Work to complete: Below are entries to be transcribed exactly; exclude the pictures from the copy.

(Stored data entries)

———

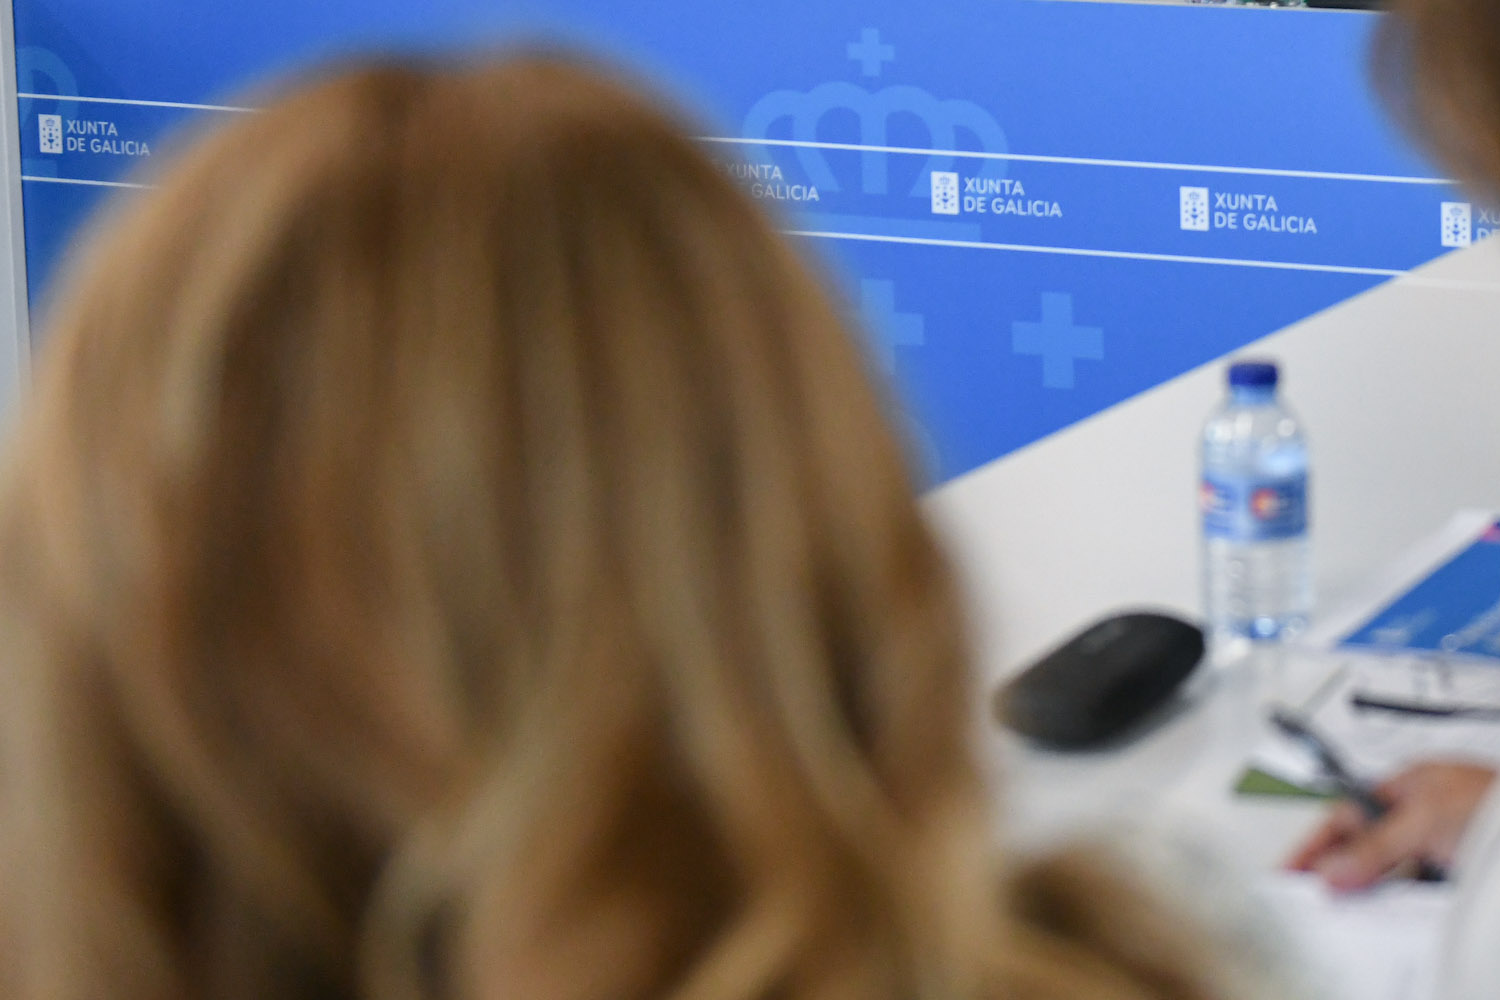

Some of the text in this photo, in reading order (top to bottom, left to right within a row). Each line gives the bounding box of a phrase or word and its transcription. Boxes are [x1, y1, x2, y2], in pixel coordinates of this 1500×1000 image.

[66, 119, 118, 136] XUNTA
[66, 137, 150, 156] DE GALICIA
[751, 183, 820, 201] GALICIA
[964, 177, 1025, 196] XUNTA
[963, 196, 1063, 218] DE GALICIA
[1214, 192, 1278, 212] XUNTA
[1214, 211, 1318, 234] DE GALICIA
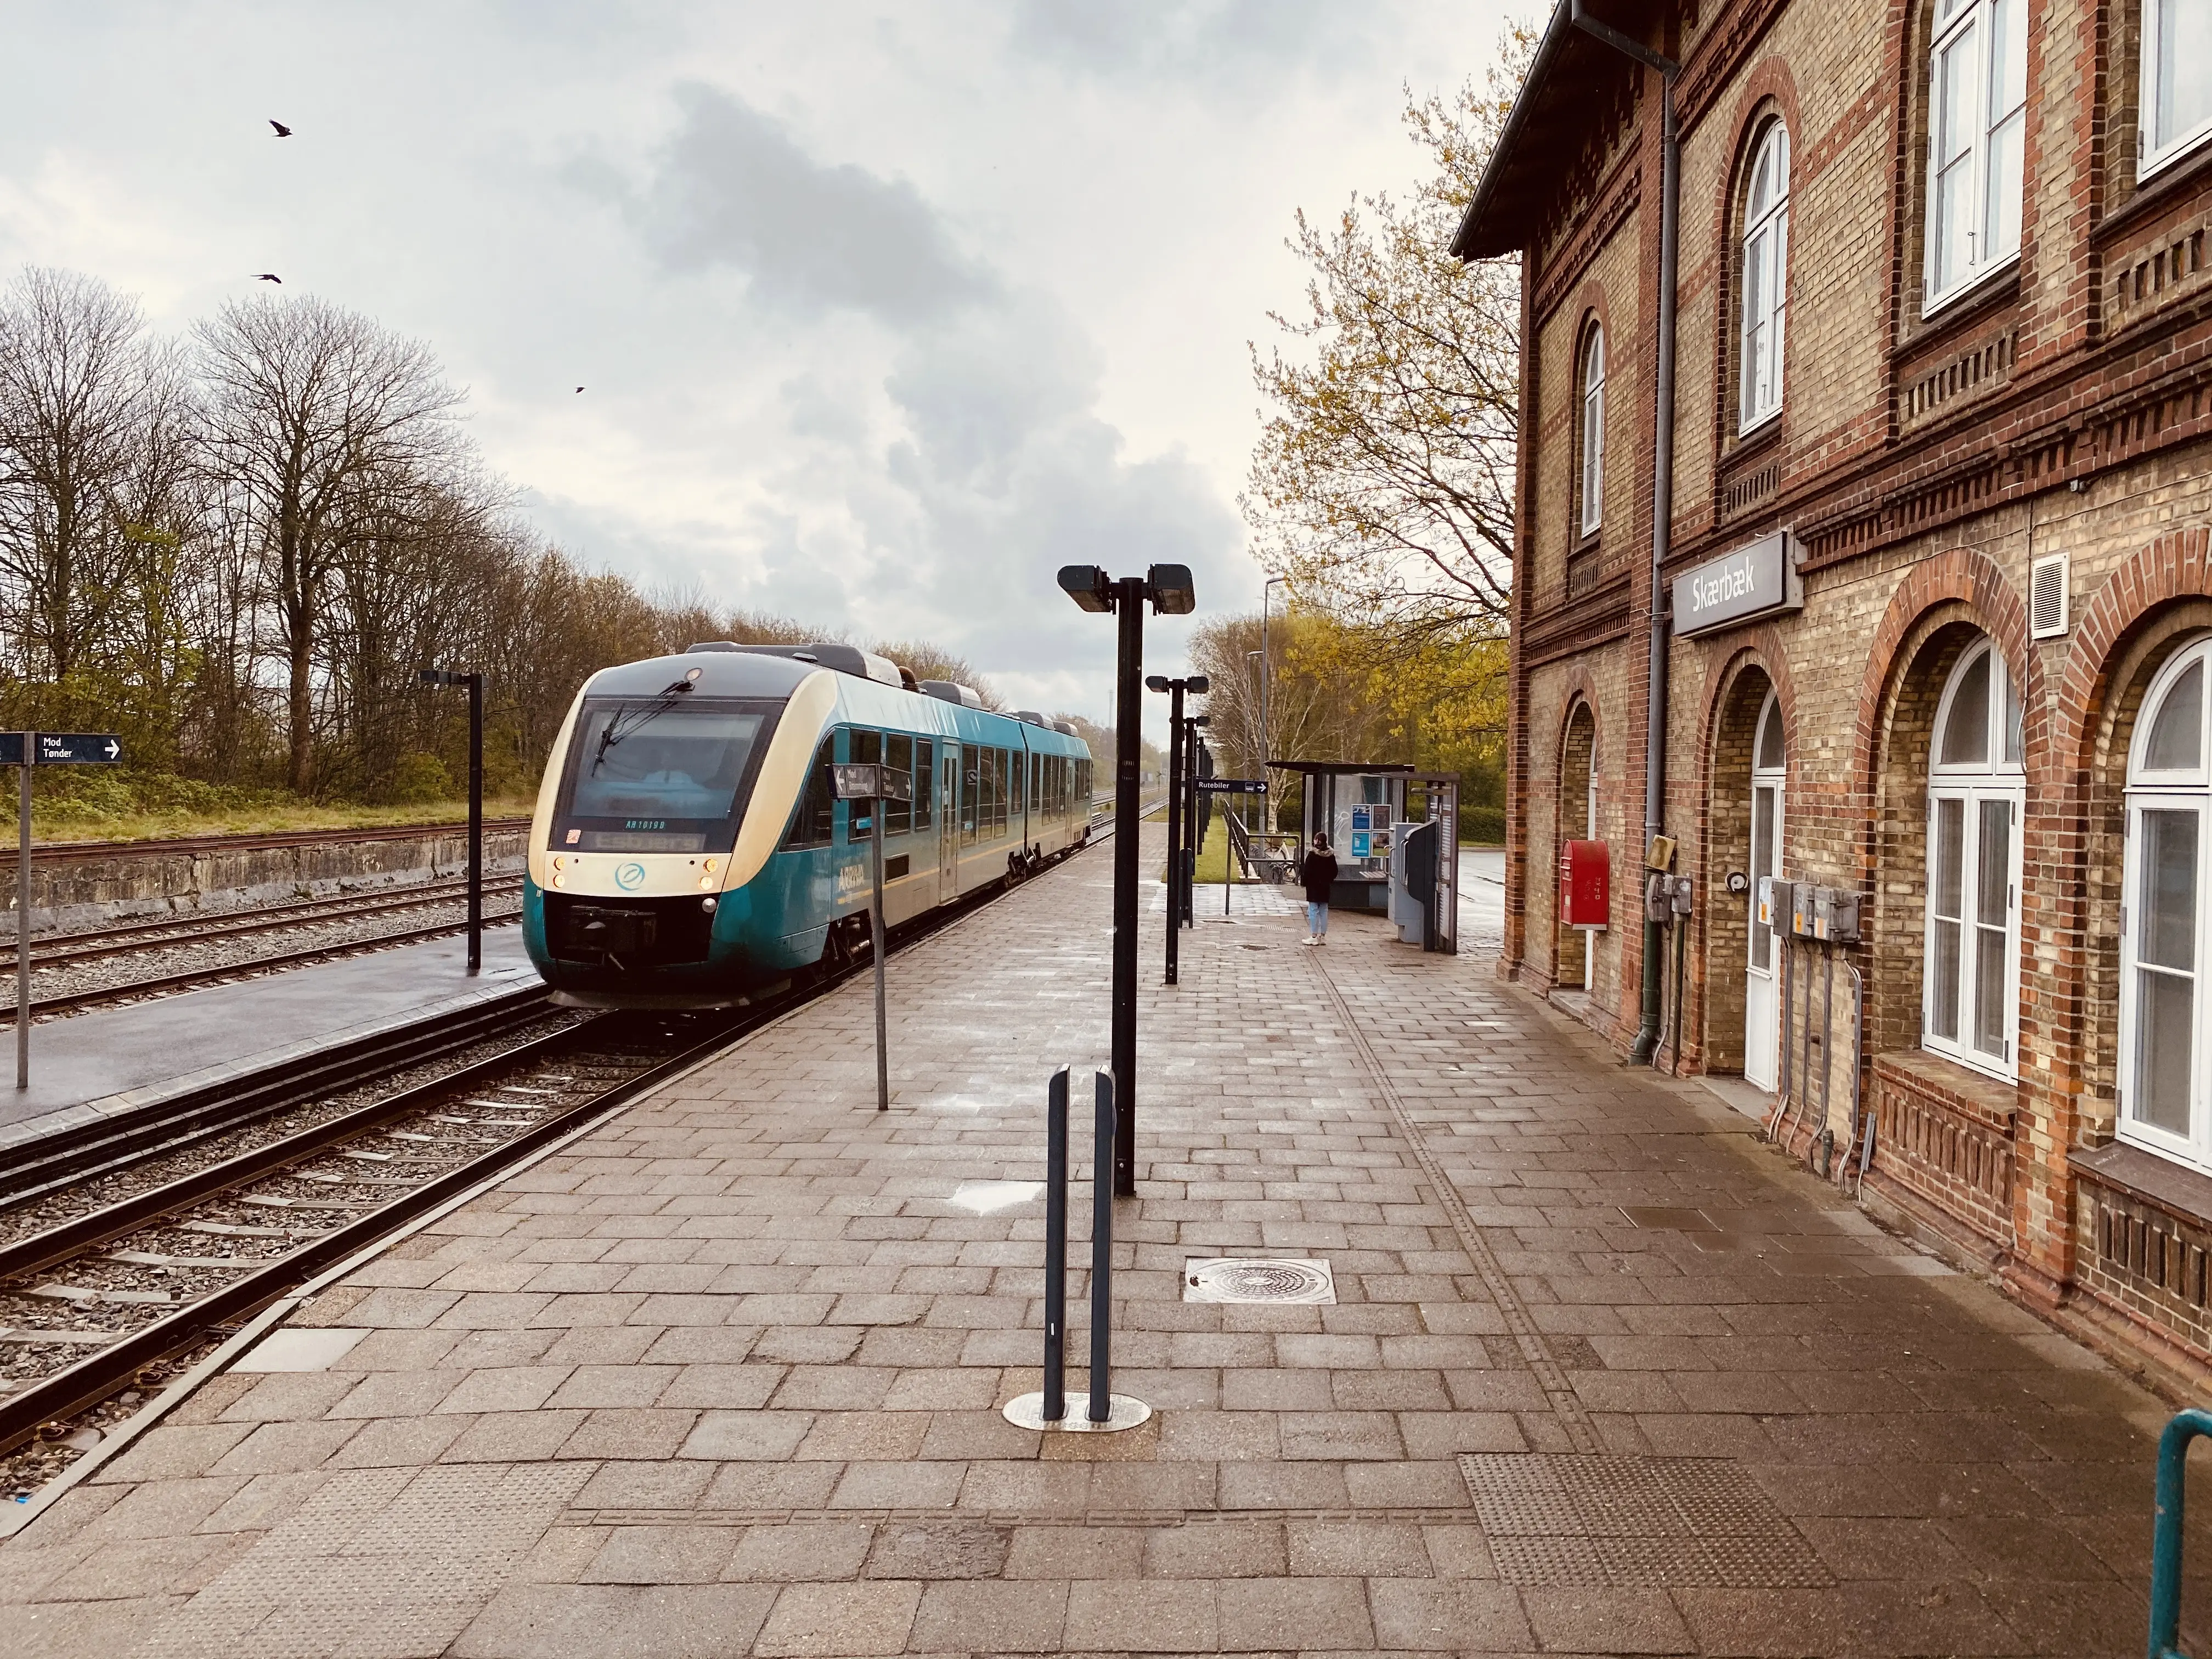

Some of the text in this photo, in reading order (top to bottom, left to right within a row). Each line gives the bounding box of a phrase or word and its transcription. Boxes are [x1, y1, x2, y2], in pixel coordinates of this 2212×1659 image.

[1692, 555, 1755, 612] Skærbæk
[43, 737, 61, 747] Mod
[43, 748, 72, 758] Tønder
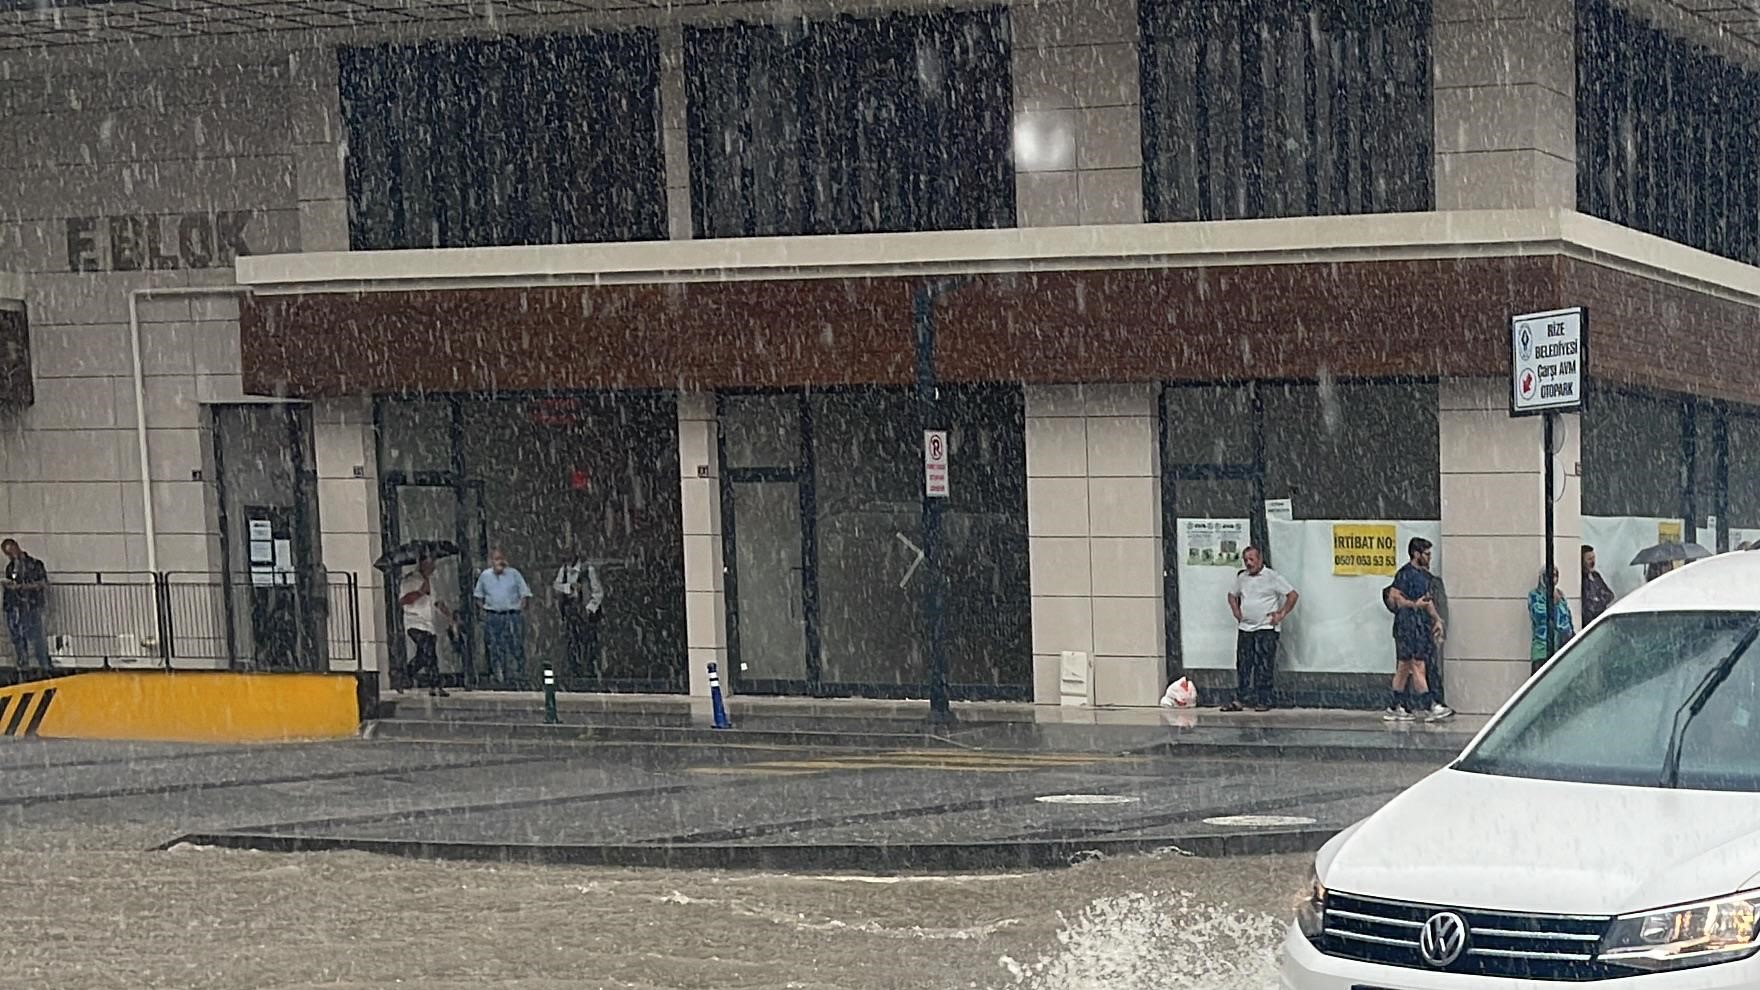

———

Output for this task:
Some of the text in this photo, in reading order (top to bottom, left to right within a row). Each line gives the bounding box of a phrase or word and its transcription. Boxes are [x1, y1, x2, y2], in pixel coordinates of this 1500×1000 image.

[66, 119, 118, 136] XUNTA
[66, 137, 150, 156] DE GALICIA
[751, 183, 820, 201] GALICIA
[964, 177, 1025, 196] XUNTA
[963, 196, 1063, 218] DE GALICIA
[1214, 192, 1278, 212] XUNTA
[1214, 211, 1318, 234] DE GALICIA

Some of the text in this photo, in reading order (top to bottom, left to right within a row). Each line gives the bounding box of a phrase or word and its transcription. Boxes are [x1, y1, x2, y2], in pixel coordinates of this 2212×1659 image.

[1692, 555, 1755, 612] Skærbæk
[43, 737, 61, 747] Mod
[43, 748, 72, 758] Tønder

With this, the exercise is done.